### Phrase grounding data
########################################

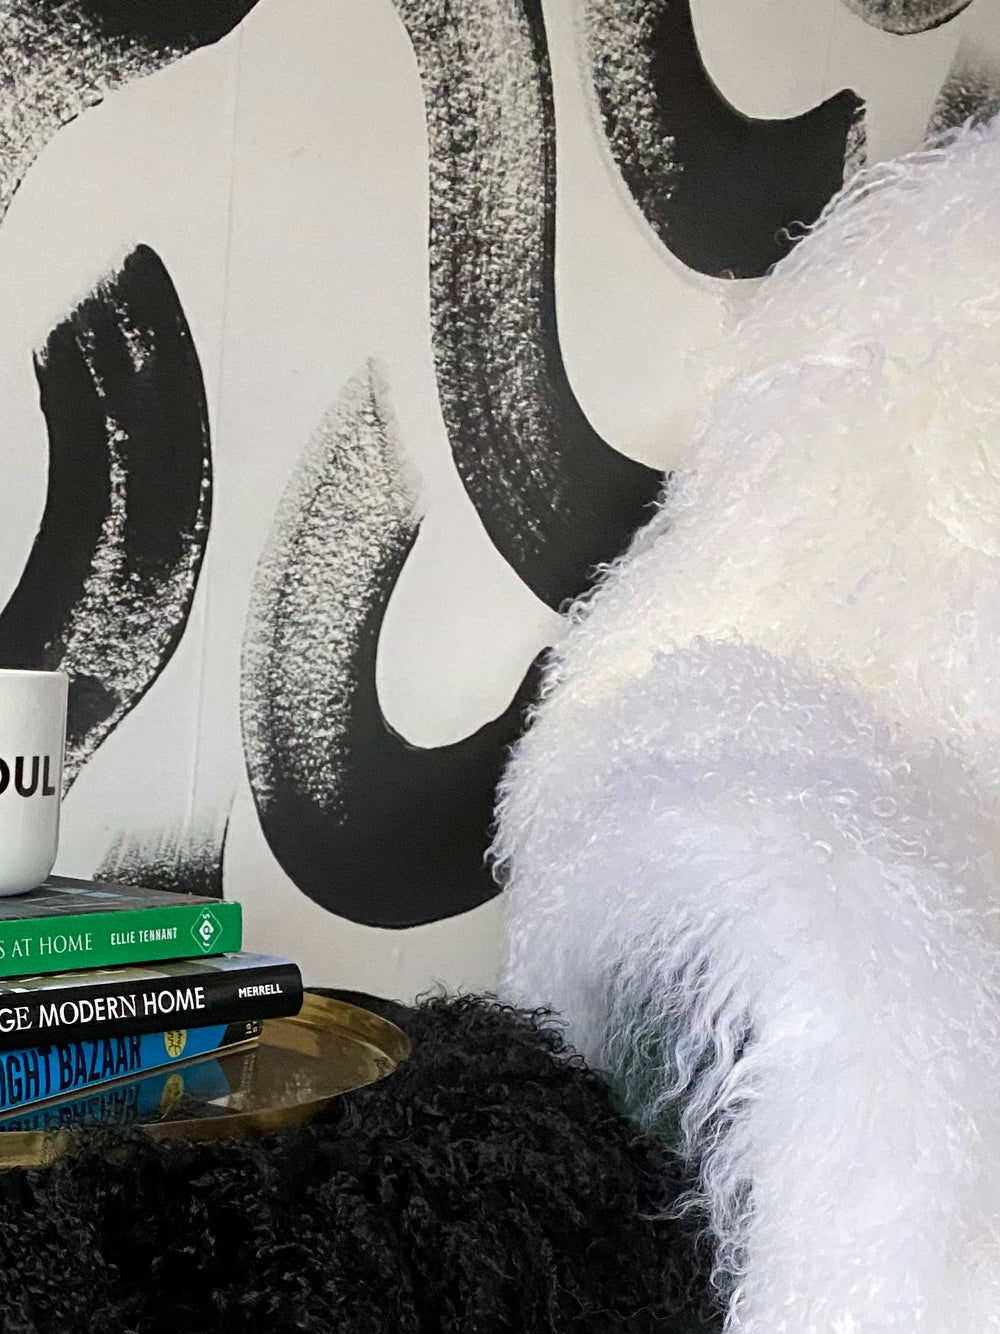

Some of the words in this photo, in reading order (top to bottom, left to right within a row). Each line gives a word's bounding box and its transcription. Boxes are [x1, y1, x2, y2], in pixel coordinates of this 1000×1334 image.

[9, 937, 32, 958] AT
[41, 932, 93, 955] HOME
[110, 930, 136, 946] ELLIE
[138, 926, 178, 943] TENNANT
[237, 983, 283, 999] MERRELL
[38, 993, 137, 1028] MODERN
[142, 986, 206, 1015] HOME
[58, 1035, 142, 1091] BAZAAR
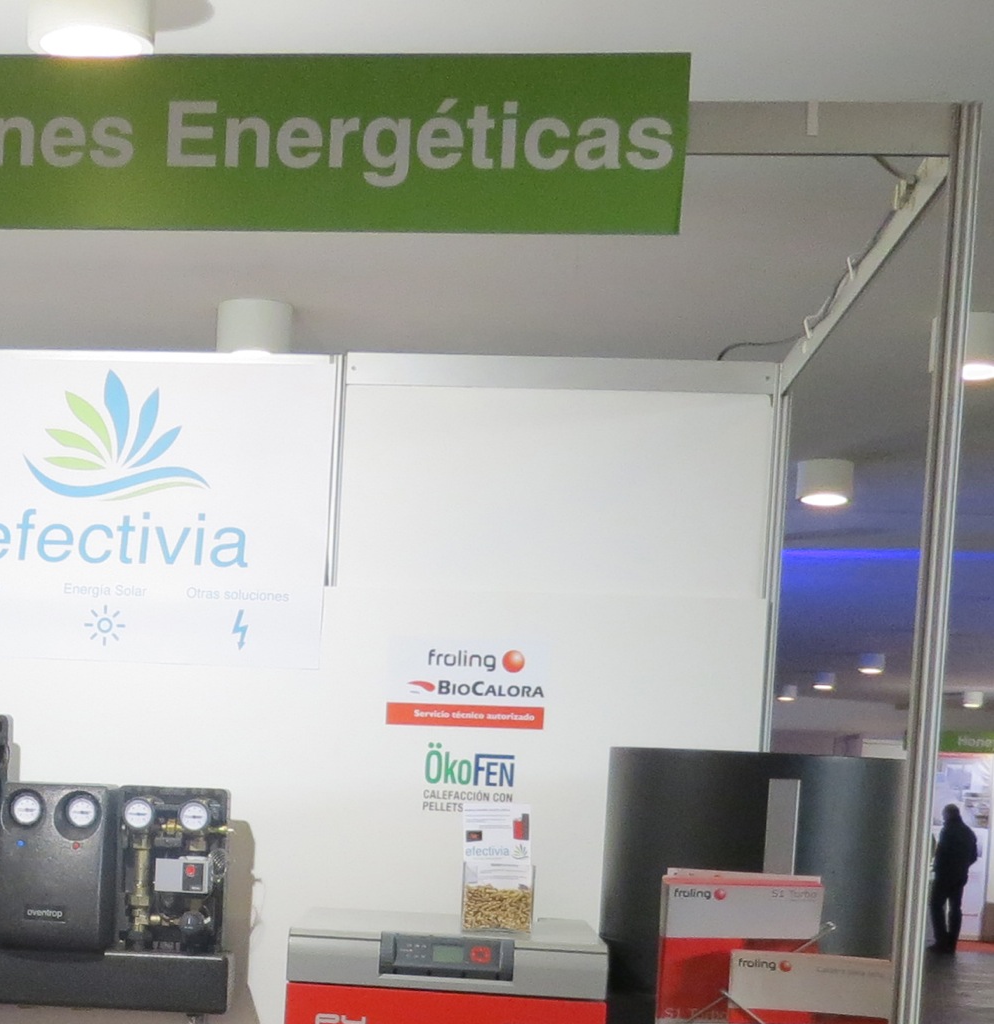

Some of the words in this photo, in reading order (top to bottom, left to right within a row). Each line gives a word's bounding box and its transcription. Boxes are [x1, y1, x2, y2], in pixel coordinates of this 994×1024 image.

########################################

### WORK ITEM
Print each record exactly as it stands, omitting the pictures.

### RESULT OF THE EXERCISE
Some of the words in this photo, in reading order (top to bottom, left to right within a row). Each line gives a word's bounding box and its transcription. Boxes are [x1, y1, x2, y2], in pixel coordinates of this 1000×1334 image.

[9, 937, 32, 958] AT
[41, 932, 93, 955] HOME
[110, 930, 136, 946] ELLIE
[138, 926, 178, 943] TENNANT
[237, 983, 283, 999] MERRELL
[38, 993, 137, 1028] MODERN
[142, 986, 206, 1015] HOME
[58, 1035, 142, 1091] BAZAAR

Some of the words in this photo, in reading order (top to bottom, left to right within a row). Each line gives a word's bounding box and its transcription. Boxes are [x1, y1, x2, y2], in pixel coordinates of this 994×1024 image.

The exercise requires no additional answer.